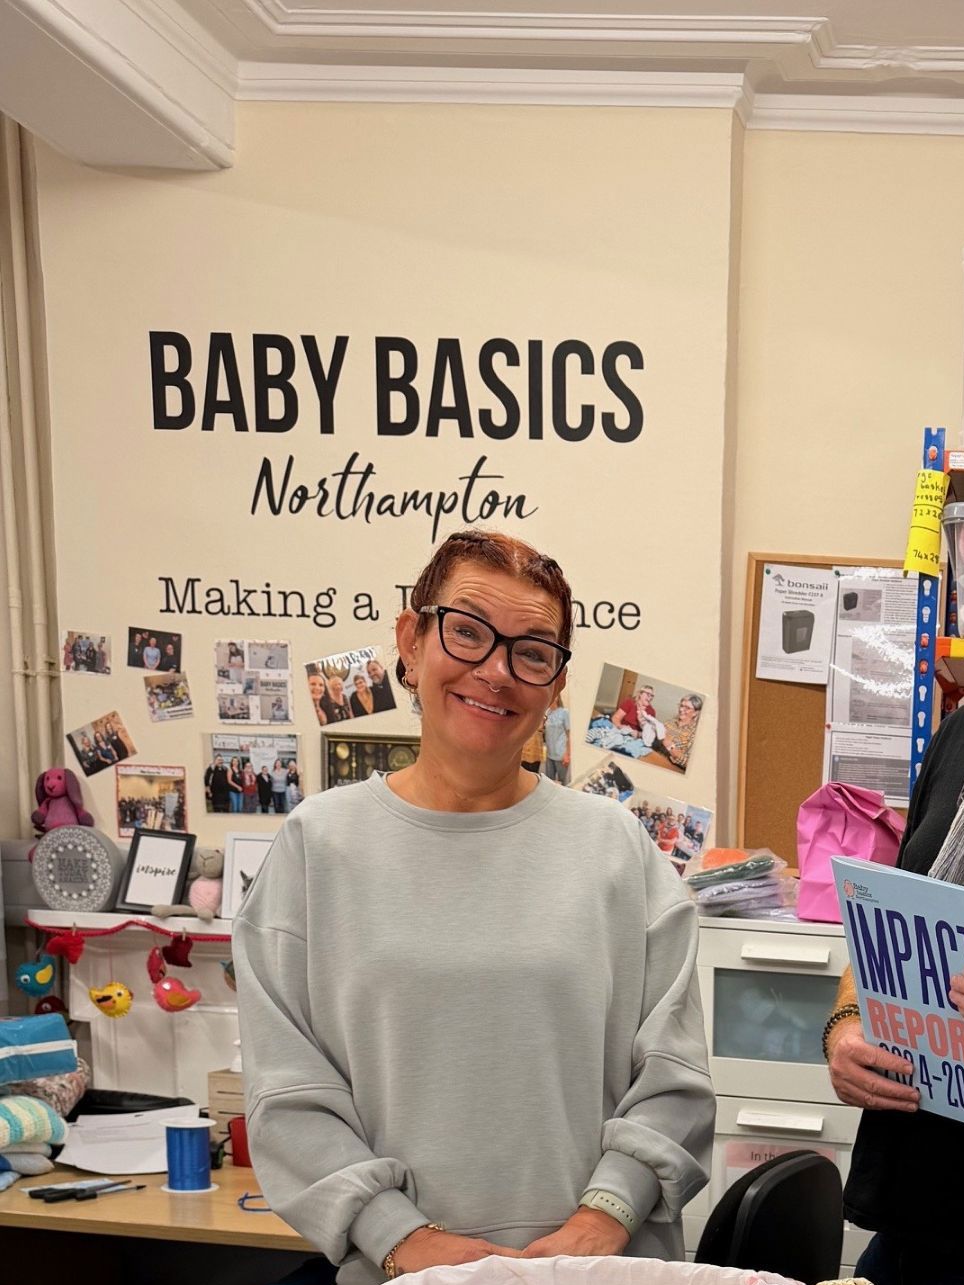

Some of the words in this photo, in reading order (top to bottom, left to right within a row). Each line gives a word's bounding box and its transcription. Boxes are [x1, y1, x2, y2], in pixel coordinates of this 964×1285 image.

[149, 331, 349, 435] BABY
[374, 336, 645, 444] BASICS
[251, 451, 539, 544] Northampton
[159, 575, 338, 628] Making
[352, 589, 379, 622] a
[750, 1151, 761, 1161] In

┄┄┄┄┄┄

Output nothing but the records above, word for word, with the pictures removed.

Some of the words in this photo, in reading order (top to bottom, left to right within a row). Each line gives a word's bounding box and its transcription. Boxes are [x1, y1, x2, y2], in pixel coordinates of this 964×1285 image.

[149, 331, 349, 435] BABY
[374, 336, 645, 444] BASICS
[251, 451, 539, 544] Northampton
[159, 575, 338, 628] Making
[352, 589, 379, 622] a
[750, 1151, 761, 1161] In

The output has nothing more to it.